Output all of the lines below exactly, and leave out each image.

[Input for this task Boundary: Start]

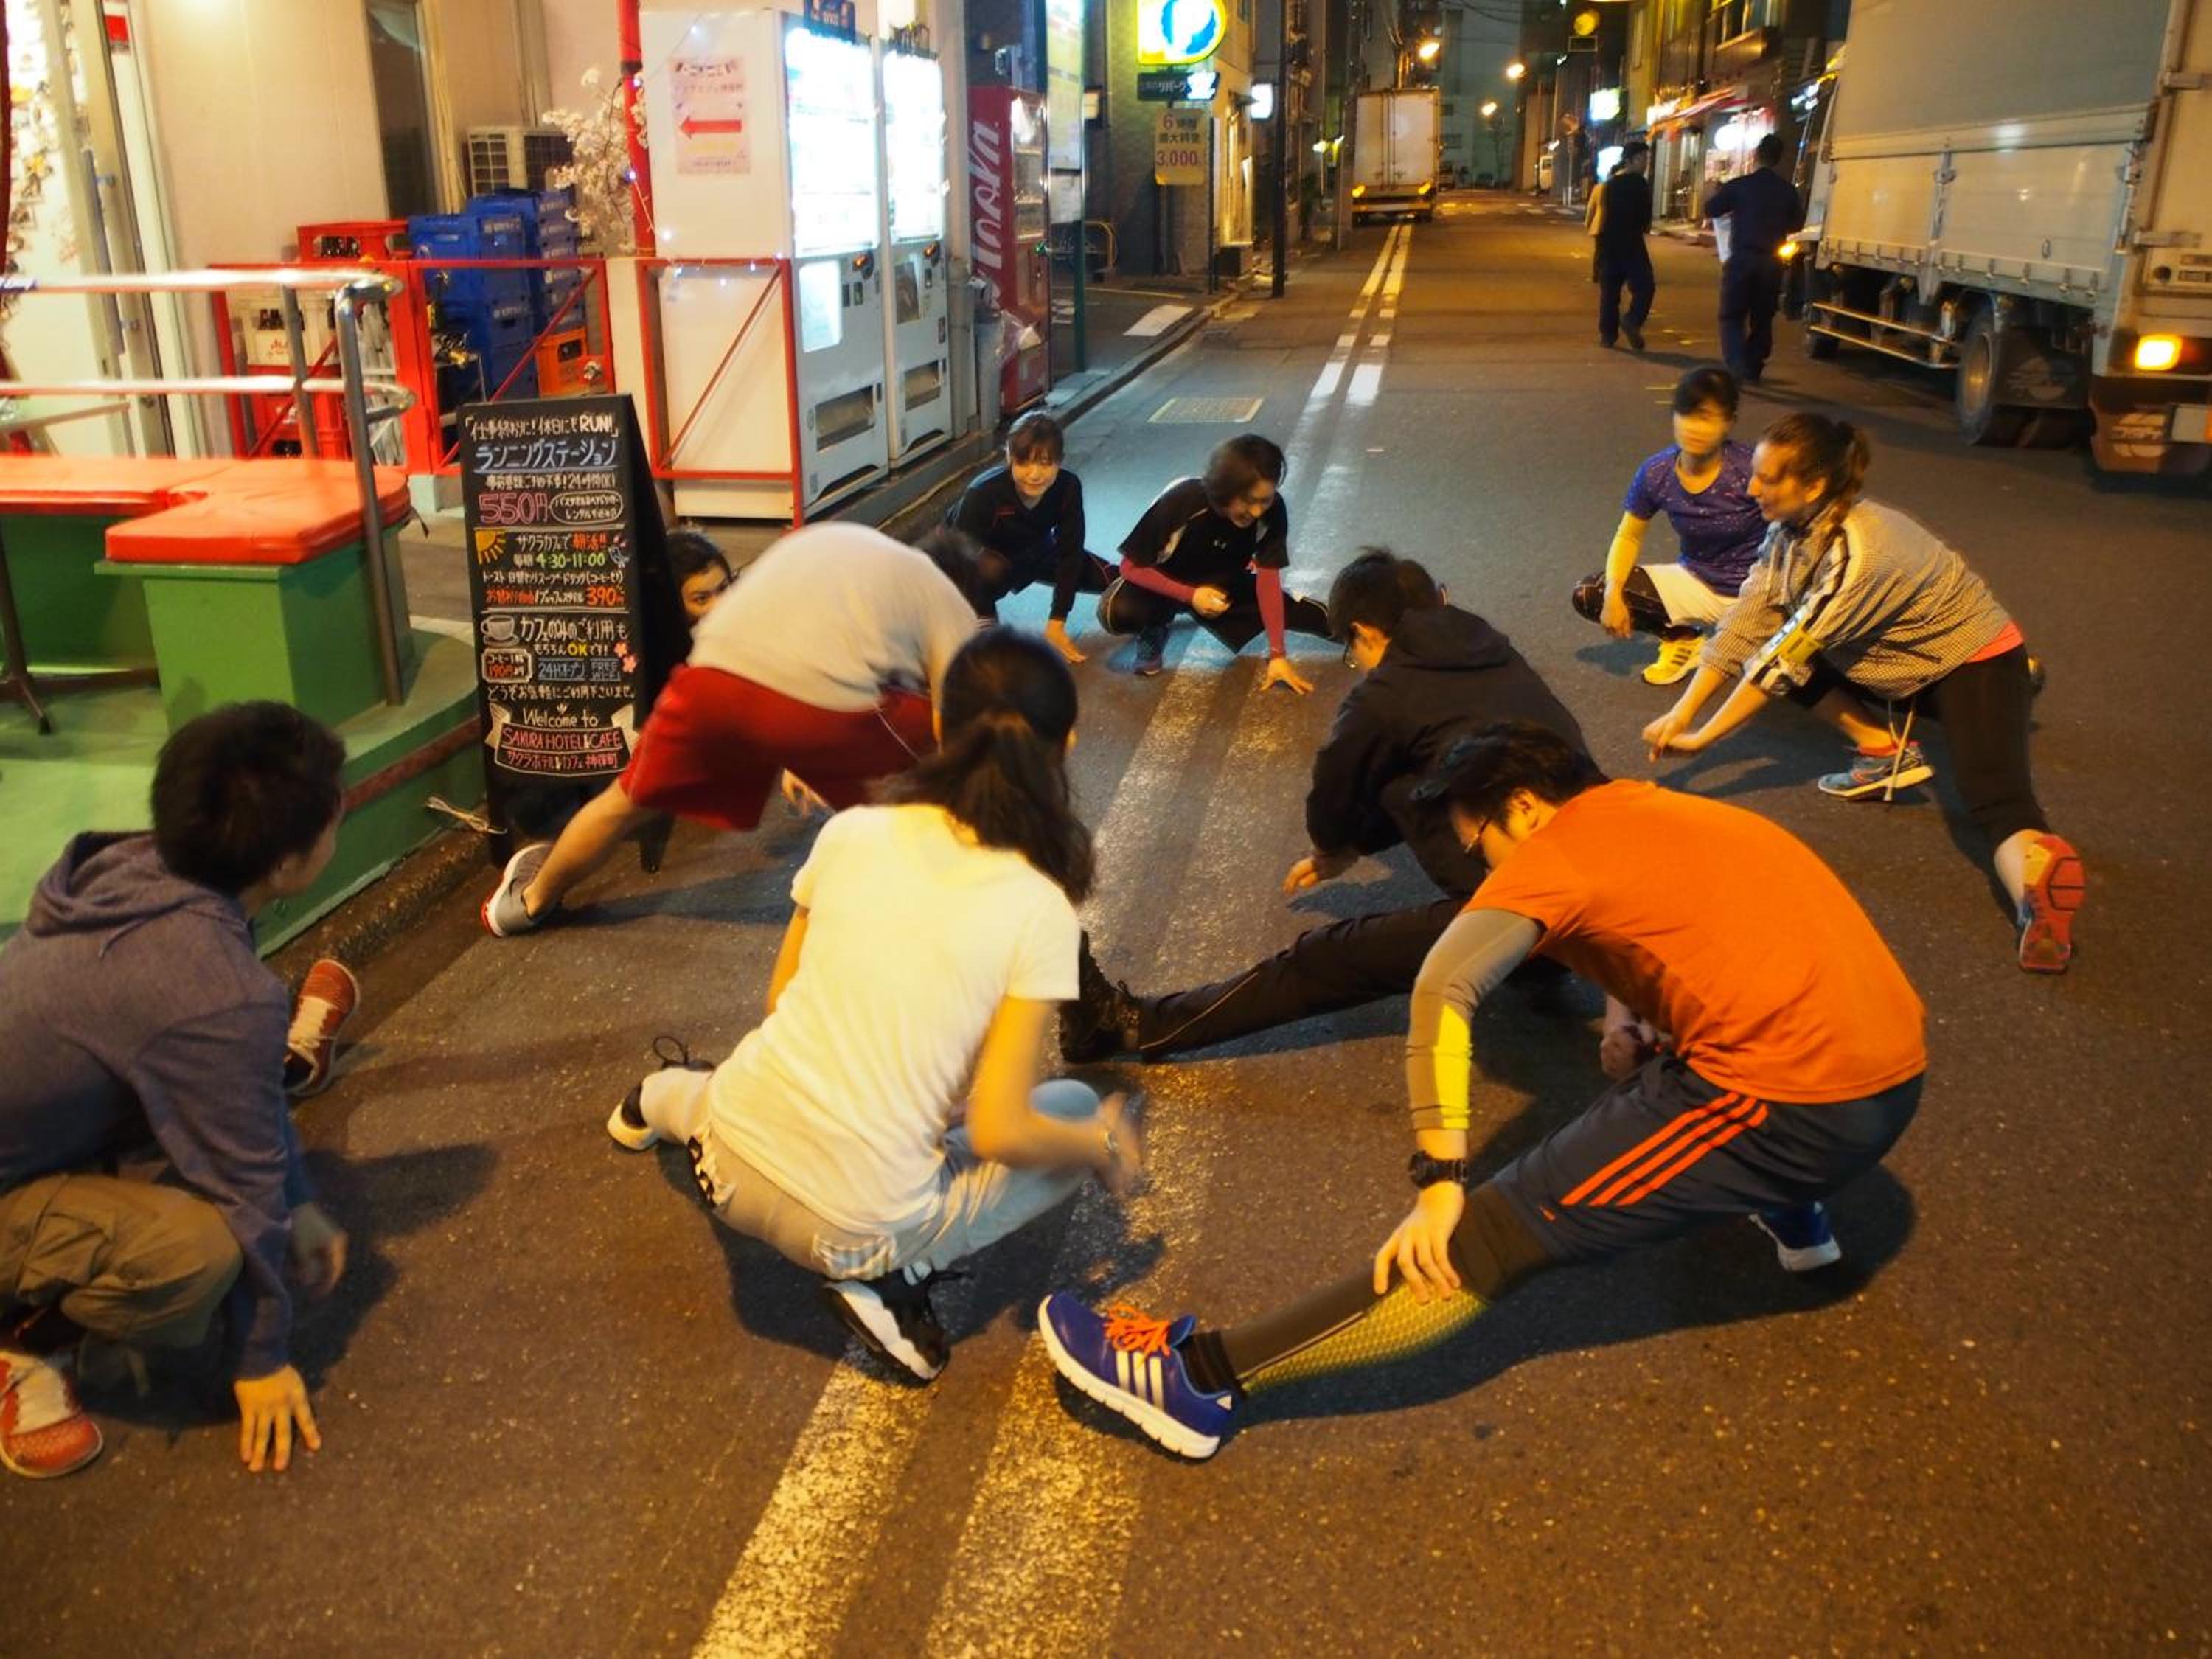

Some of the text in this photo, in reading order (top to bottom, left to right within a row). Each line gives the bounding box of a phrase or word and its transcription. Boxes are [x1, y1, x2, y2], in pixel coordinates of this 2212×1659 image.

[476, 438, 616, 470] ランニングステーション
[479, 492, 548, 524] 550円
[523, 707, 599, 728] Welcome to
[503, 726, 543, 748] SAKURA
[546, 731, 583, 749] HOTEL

[Input for this task Boundary: End]

▶ Response area:
Some of the text in this photo, in reading order (top to bottom, left to right within a row). Each line gives the bounding box of a phrase or word and its transcription. Boxes are [x1, y1, x2, y2], in pixel coordinates of this 2212×1659 image.

[476, 438, 616, 470] ランニングステーション
[479, 492, 548, 524] 550円
[523, 707, 599, 728] Welcome to
[503, 726, 543, 748] SAKURA
[546, 731, 583, 749] HOTEL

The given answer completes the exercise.